For the purposes of ascertaining the business estimated income even during basis period, no
allowable deductions for expenditures that are capital in nature or for the depreciation value
of assets that are used in the production of that business income. Instead, the business
adjusted income is calculated as follows: For capital expenditures that have been incurred,
Schedule 3 of the Income Tax Act 1967 has established many eligible deductions in the form
of allowances, which are detailed in the following section:
Capital allowances are divided into two categories: the initial allowance and the yearly
allowance. The initial allowance is established at a rate of 20 percent depending on the asset's
original cost at the time the capital expenditure is spent, and it is deducted from the total
amount of the capital expenditure.
Annual allowance, on the other hand, is a fixed rate that is provided every year based on the
initial cost of the asset. The yearly allowance is paid for each year until the capital
expenditure has indeed been entirely written off, unless the fixed asset is sold, demolished, or
otherwise disposed of, in whose case a balancing allowance or balancing charge will be
computed, depending on the circumstances.
Question 3
Question 3(a)
(1) Where any import tariffs have been re-exported either by manufacturer as a component or
component of the any products made in Malaysia, or as the packing, or a component or
ingredient of the packing, of these kinds of manufactured goods, the Director General may,
on such re-export, actually enable to the manufacturer a full drawback of the obligation so
paid, if the goods produced exported have been manufactured on establishments accepted by
the Director General. (2) Where any import taxes are re-exported by the manufacturer as a
component or ingredient of goods employed in the production of such goods, as well as in the
packaging of such goods produced things of this nature; (2) Such products are re-exported
within twelve months of the date on which they were first imported. date on which the import
duty was paid, or any other relevant information a time determined by the Director General,
if any.
Documents to be submitted;
i. Covering letter
Documents to be submitted;
i. Covering letter
Question 3(b)
Chargeable income RM 2,212,000
Tax on first RM600, 000 @ 17% = RM 102,000
Tax on balance 1,612,000@24%= RM 386,880
TOTAL TAX = RM 488,880
Question 4
Question 4 (a)
Advances. Wages that you give to your workers in exchange for services that they will
perform or finish in the future are considered taxable wages for the purposes of payroll
taxation. Advances are not considered taxable earnings if the workers are legally bound to
return the sums that have been granted to them. If you provide advances to workers to cover
expenditures they will incur while providing services for you under an accountable plan, the
advances are not considered taxable pay.
Gifts. The majority of presents that you offer to your workers are assumed to be of a
compensating character by default. Gifts to your workers are treated as taxable earnings for
payroll tax purposes unless you can demonstrate that the gift is associated with an event that
is completely unconnected to your company (for example, an employee's wedding). If the
presents are articles of property with no monetary value, the gifts are not deemed taxable
wages under the Internal Revenue Code (for example, a turkey or a ham). A little donation of
cash does not qualify as an exemption to this rule.

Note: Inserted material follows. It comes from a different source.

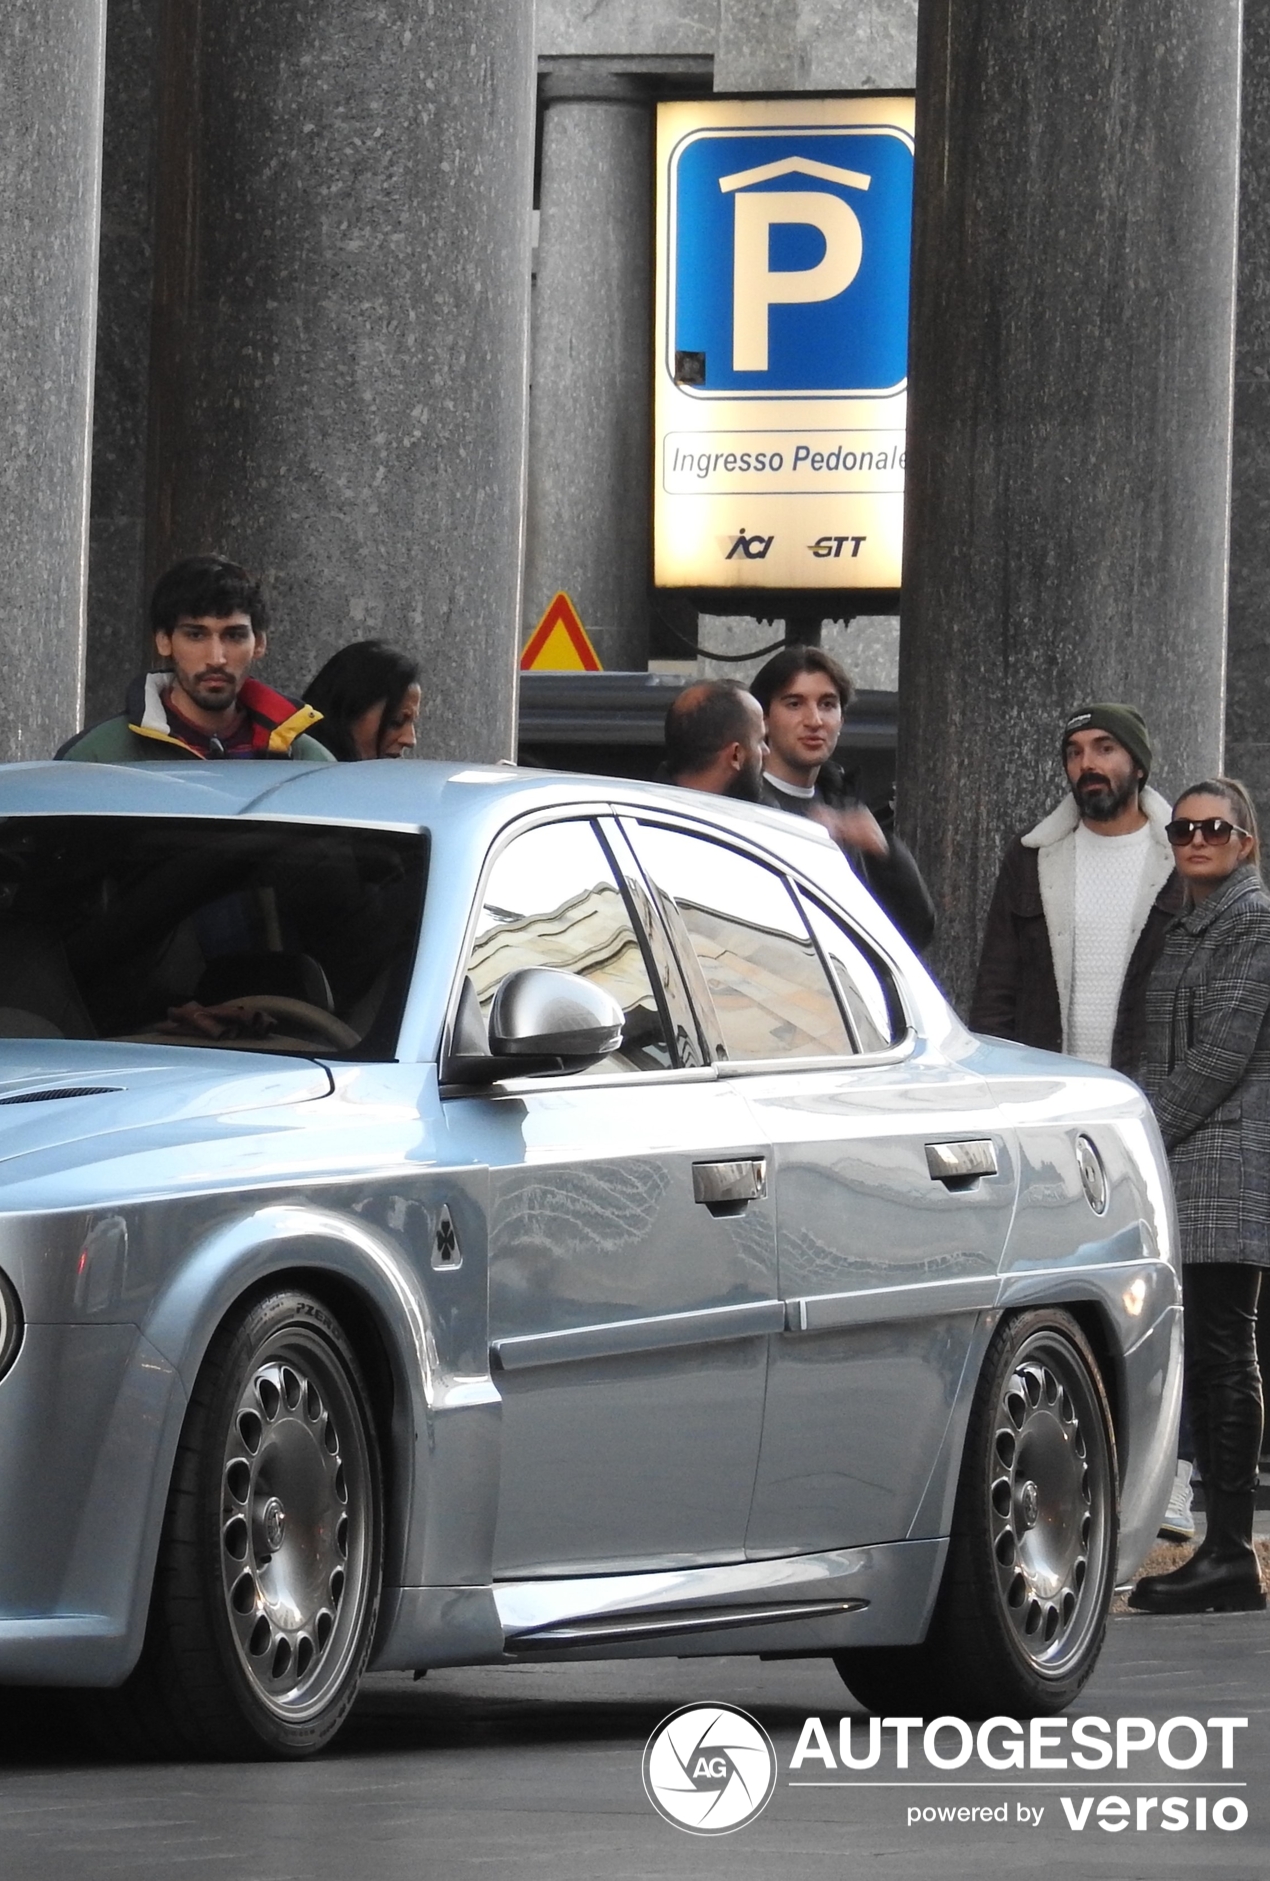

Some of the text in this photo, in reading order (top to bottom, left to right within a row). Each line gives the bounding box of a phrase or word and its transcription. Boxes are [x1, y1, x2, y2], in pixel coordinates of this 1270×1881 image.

[732, 191, 863, 373] P
[672, 447, 784, 479] Ingresso
[807, 536, 867, 558] GTT

Prizes and honors are given out. Employer-provided prizes and awards are normally
considered taxable compensation, but a noncash prize or award is not taxable if the value of
the prize or award is less than and it is awarded to an employee as part of a length-of-service
or safety-achievement programmed.
Question 4 (b)
Salary (RM 10,000x10) = RM 100,000
The employment income of Martha in the period of 10 months (Feb. 28 to Dec. 2021)
is RM148,500. The car provided by the company is considered as a non-cash benefit there it
is not included in the employment income.